Category: Risk Management in Banking

This chapter provides an overview and a summary of credit risk models, as described in subsequent chapters, and plays a key role in the presentation of credit risk modelling. There is a wide spectrum of credit risk models, addressing different issues with different techniques, making an overview necessary.

Some models serve for defining the credit risk drivers of individual transactions: exposures, recoveries and default plus migration probabilities. Other models use these as inputs for modelling the credit risk of portfolios of loans or bonds. We designate this second category as portfolio models. The chapter describes the major building blocks of credit risk modelling. It details the techniques used for modelling credit risk drivers then the specifics of each of the four major portfolio models (vendors models). These are Credit Metrics, KMV Portfolio Manager, Credit Portfolio View (CPV) and CreditRisk+.

There are two alternative approaches for presenting portfolio models. The first presents sequentially each of the existing vendors models. The second details how each existing portfolio model deals with each basic modelling building block, moving from one building block to the next, rather than from one model to the next. This chapter uses the second approach, the building block, rather than the more common sequential description of each vendors model. The rationale for this view by building block, rather than by model, is twofold. First, it makes more explicit the alternative methodologies serving similar purposes within each model building block. Second, it facilitates the comparison of techniques across models. The drawback is that this approach is not a substitute for full descriptions of each model. Therefore we provide in this chapter summarized reviews of each of the major models. This allows readers to start with the overview before moving on to details and to easily shift later back and forth from the model view to the building block view.
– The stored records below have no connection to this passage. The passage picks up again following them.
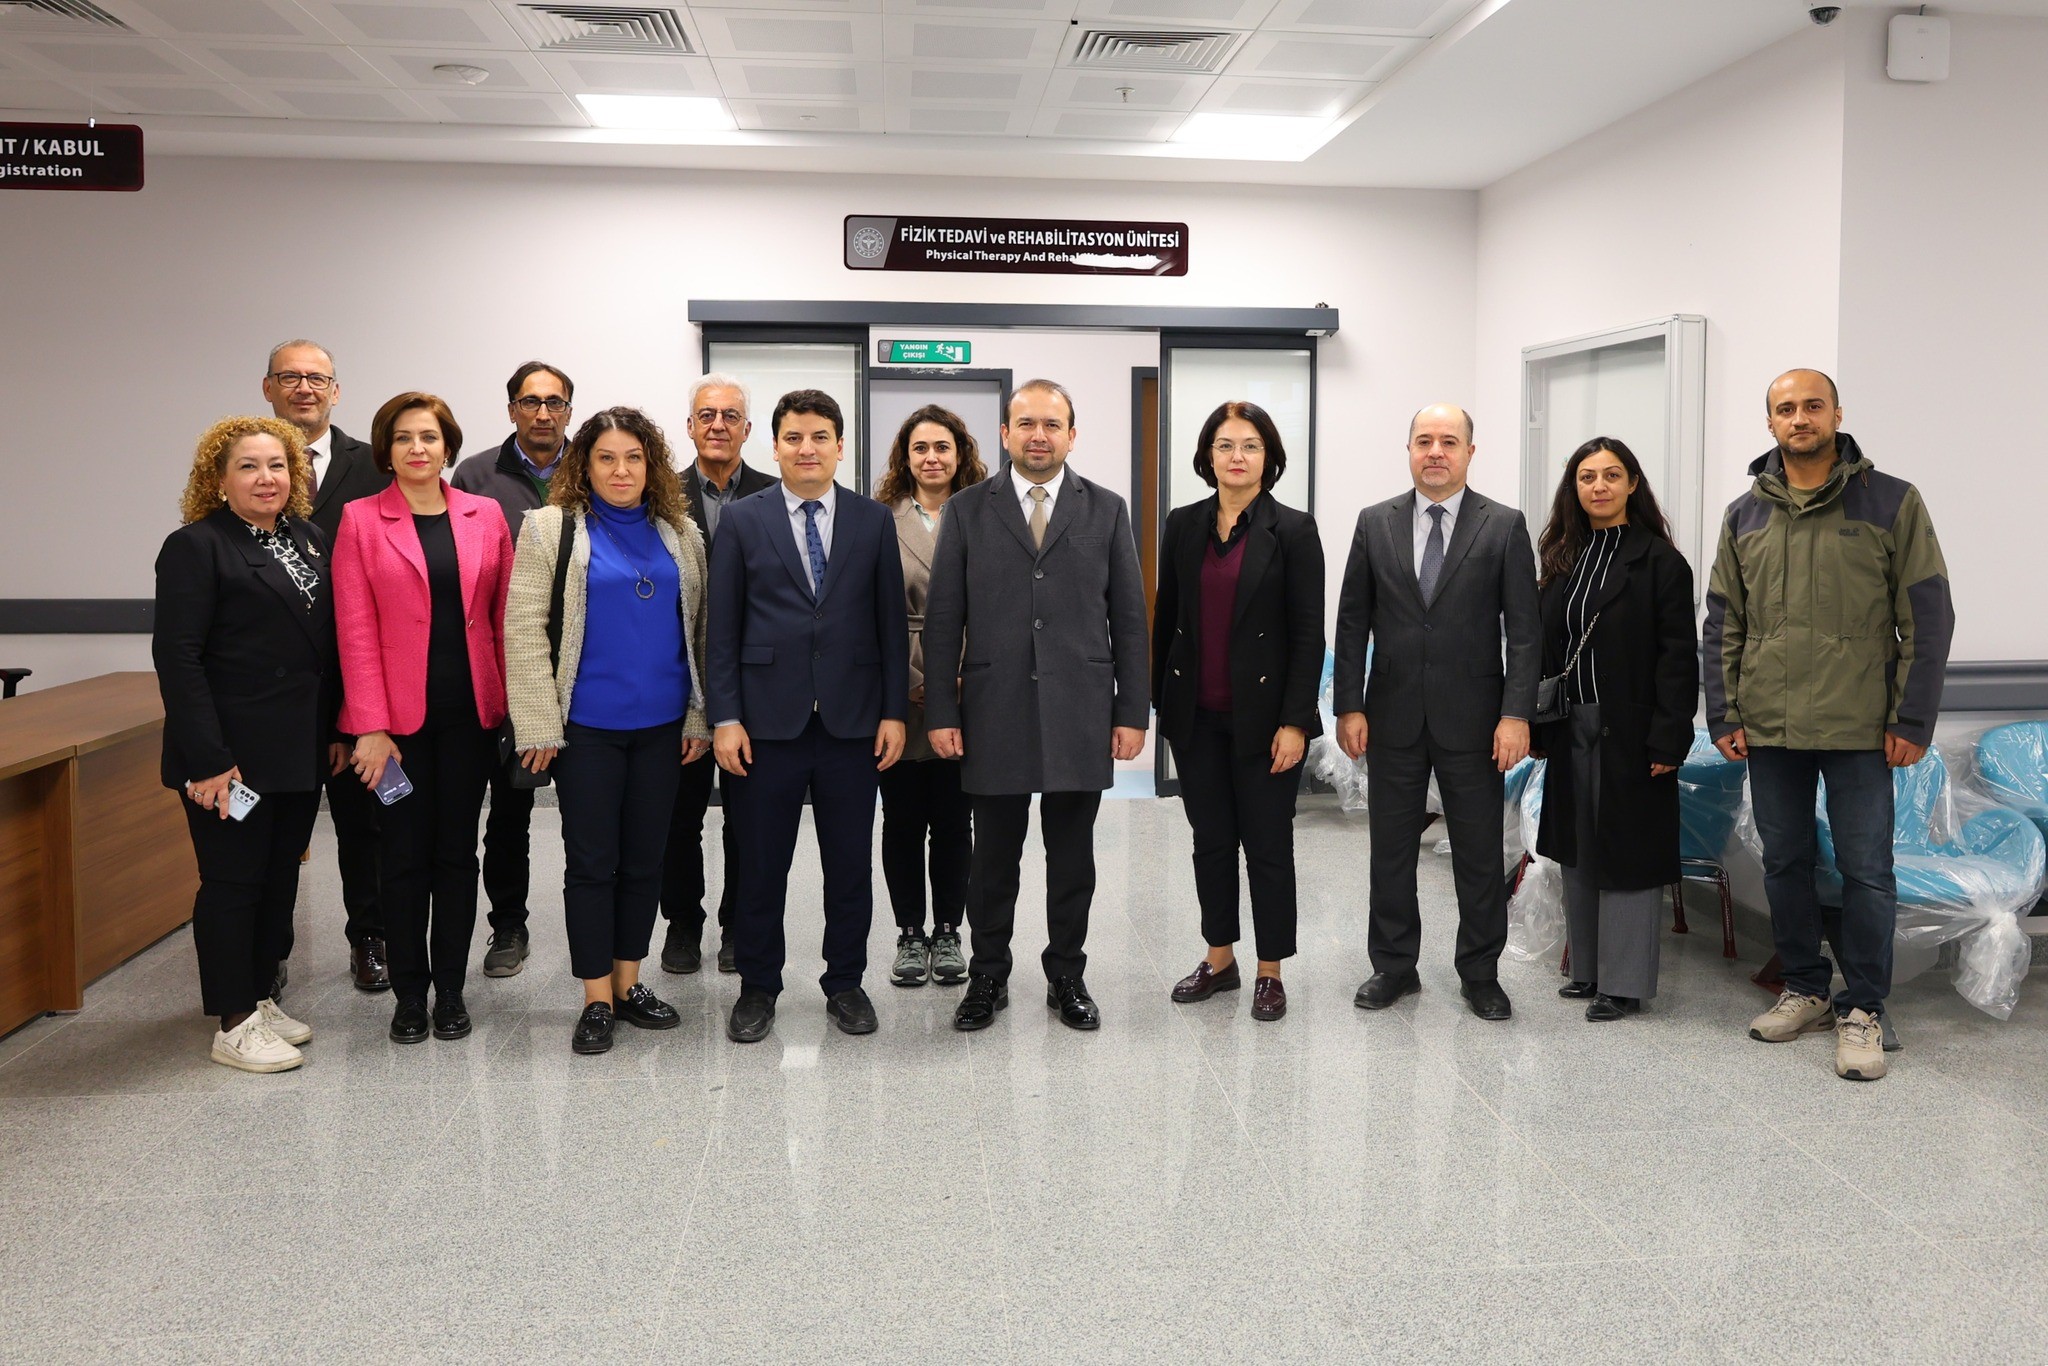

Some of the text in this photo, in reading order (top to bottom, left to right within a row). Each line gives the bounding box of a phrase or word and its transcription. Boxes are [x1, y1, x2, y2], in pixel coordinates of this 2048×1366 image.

[33, 139, 105, 156] KABUL
[900, 225, 1179, 248] FİZİK TEDAVİ ve REHABİLİTASYON ÜNİTESİ
[926, 249, 973, 262] Physical
[974, 250, 1021, 264] Therapy
[1023, 251, 1046, 262] And
[900, 343, 929, 351] YANGIN
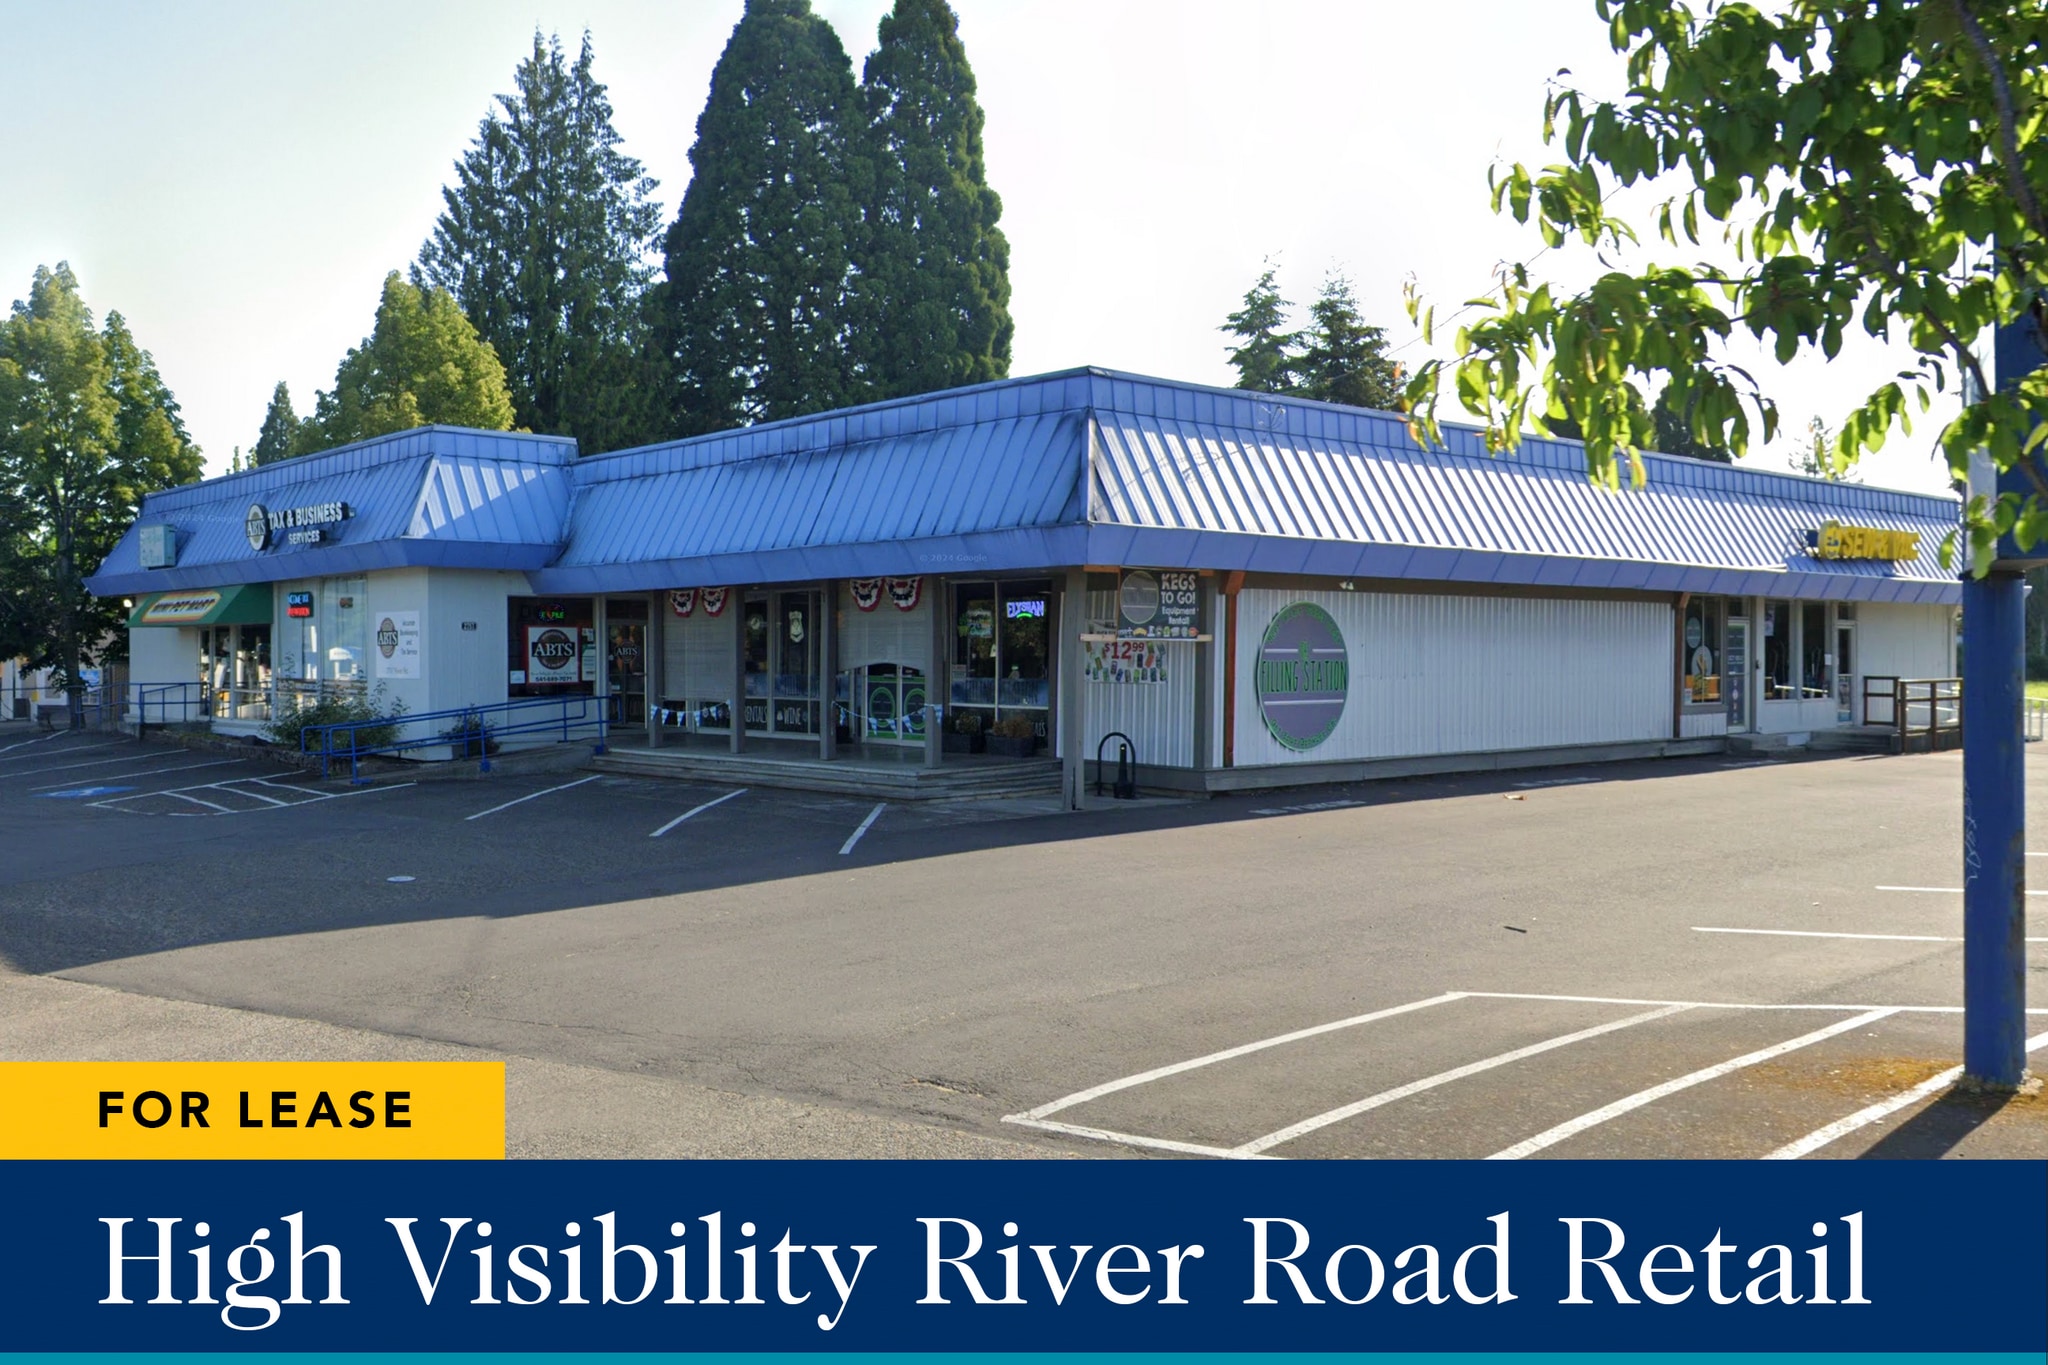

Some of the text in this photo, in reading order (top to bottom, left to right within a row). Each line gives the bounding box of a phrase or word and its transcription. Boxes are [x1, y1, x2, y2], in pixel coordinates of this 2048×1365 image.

[268, 502, 343, 530] TAX & BUSINESS
[246, 520, 266, 537] ABTS
[288, 529, 320, 545] SERVICES
[1161, 573, 1196, 590] KEGS
[1160, 591, 1196, 604] TO GO!
[1007, 601, 1044, 618] ELYSIAN
[1161, 606, 1196, 615] Equipment
[378, 631, 397, 646] ABTS
[533, 642, 573, 657] ABTS
[616, 647, 638, 656] ABTS
[1261, 660, 1347, 693] FILLING STATION
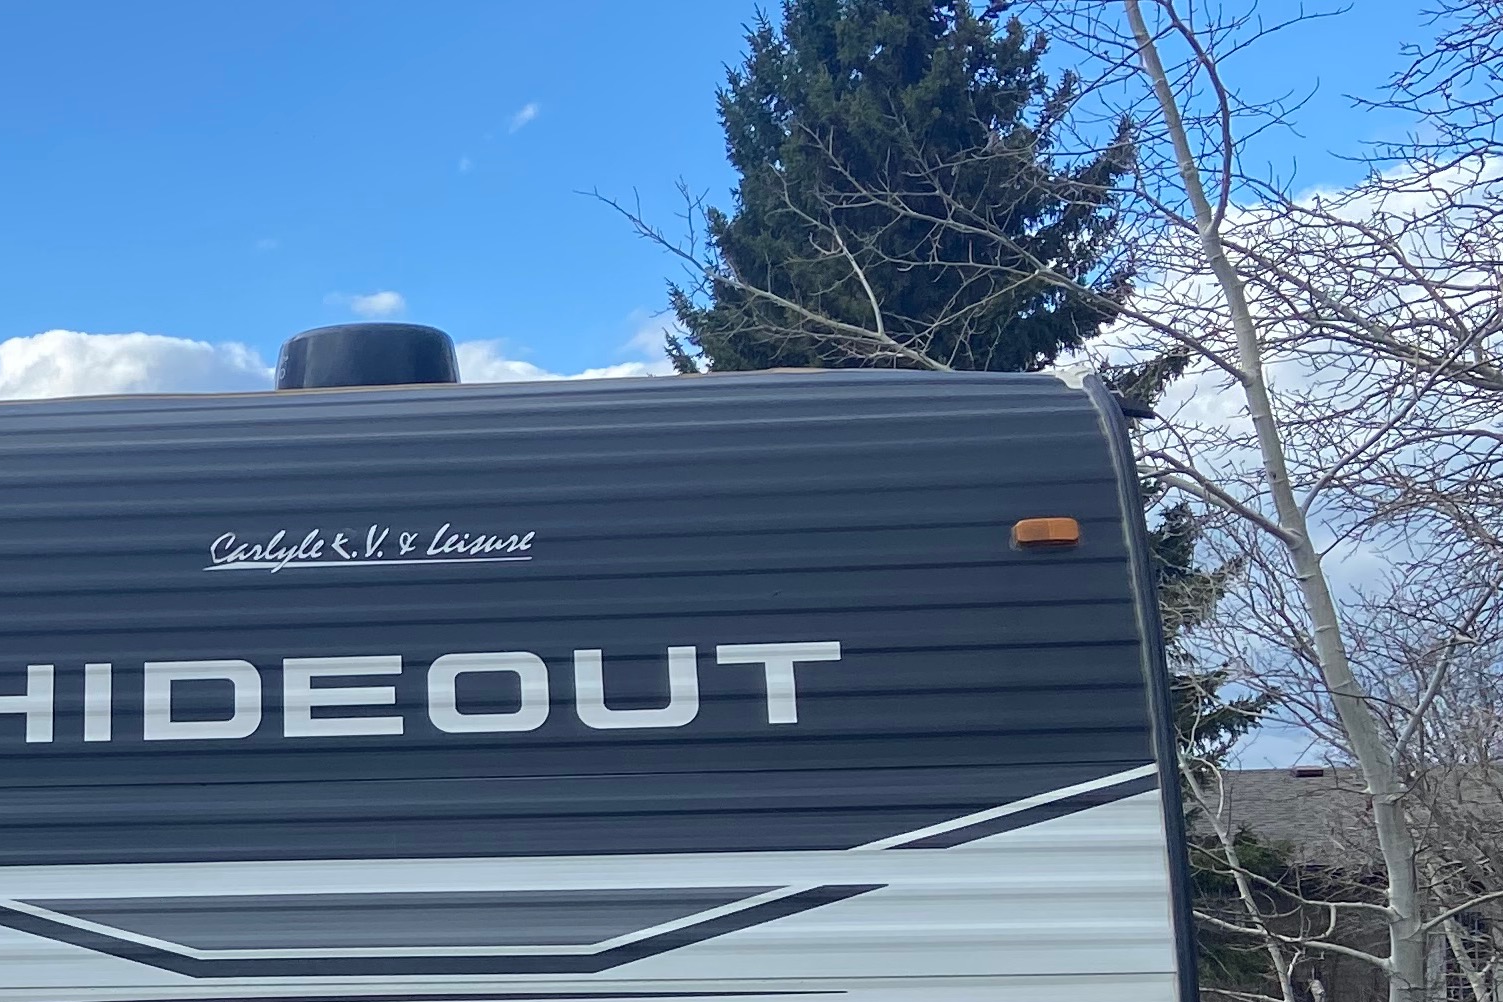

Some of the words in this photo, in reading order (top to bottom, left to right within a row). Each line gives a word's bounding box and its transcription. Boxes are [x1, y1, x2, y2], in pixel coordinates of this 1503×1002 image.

[211, 529, 322, 572] Carlyle
[400, 532, 417, 551] &
[427, 523, 535, 555] Leisure
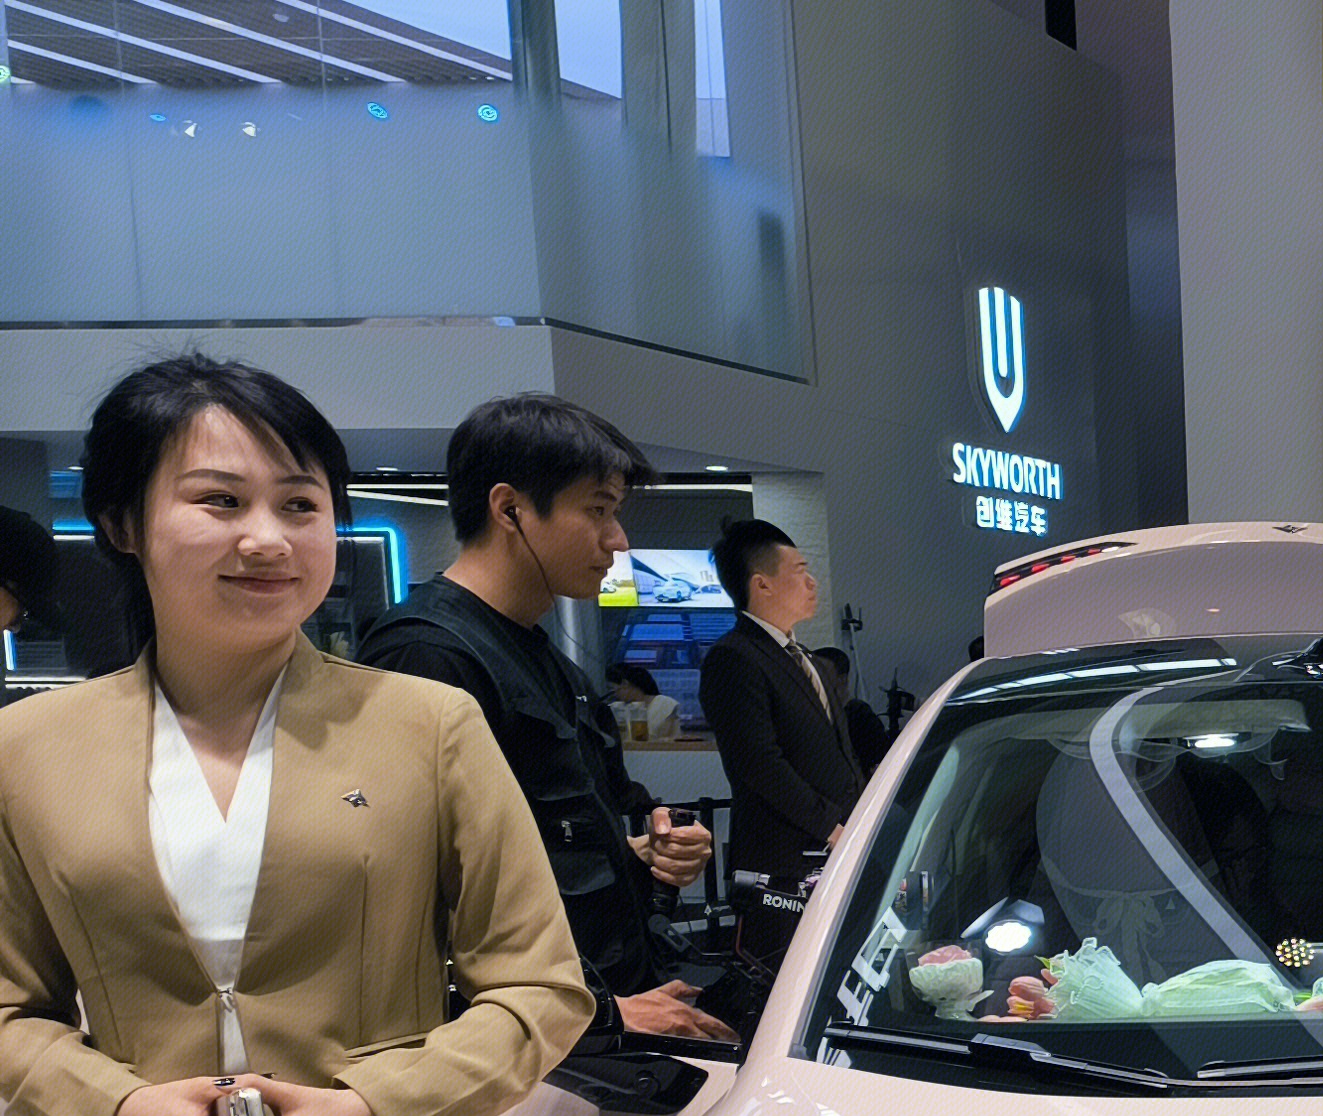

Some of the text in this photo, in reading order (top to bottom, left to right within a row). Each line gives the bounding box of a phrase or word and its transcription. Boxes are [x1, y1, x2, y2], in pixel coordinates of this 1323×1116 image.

The first section provides a map of credit risk model building blocks. It is an outline of subsequent chapters. The subsequent sections summarize issues and techniques for each modelling block. Each section is a summary of the subsequent chapters. The last section cross-tabulates vendors models with the basic techniques that different credit risk models bundle in different ways.


The general structure by building blocks applies for credit risk as it does for market risk. However, in the case of credit risk there are several vendors models using different techniques. The first building blocks relate to the inputs to portfolio models, such as default probabilities. Credit Monitor from KMV and RiskCalc from Moodys (Moodys Investors Service, 2000b) model default probabilities and there are numerous models using statistical techniques aimed at the same purpose. The second building block deals with portfolio risk. Portfolio models include KMV Portfolio Manager, Credit Metrics (J. P. Morgan, 1997), CPV (Wilson, 1997a, b) and CreditRisk+ (Credit Suisse, 1997).

Portfolio models use exposures, ratings or default probabilities, and recoveries as inputs. Figure 33.1 summarizes the general structure for credit risk, ignoring blocks III (top-down links) and IV (risk-return), which are transversal to all risks. Focusing on the main blocks only, Figure 33.2 shows how the vendors models map to this general structure.

We focus on the first two main blocks: standalone risk of individual transactions and portfolio risk. Since credit risk portfolio models extend to capital allocation and individual risk-adjusted measures of performance, we add a brief description of building blocks II and IV. The capital allocation and the risk-return building blocks are technically identical for market and credit risk, except that market risk models do not integrate them.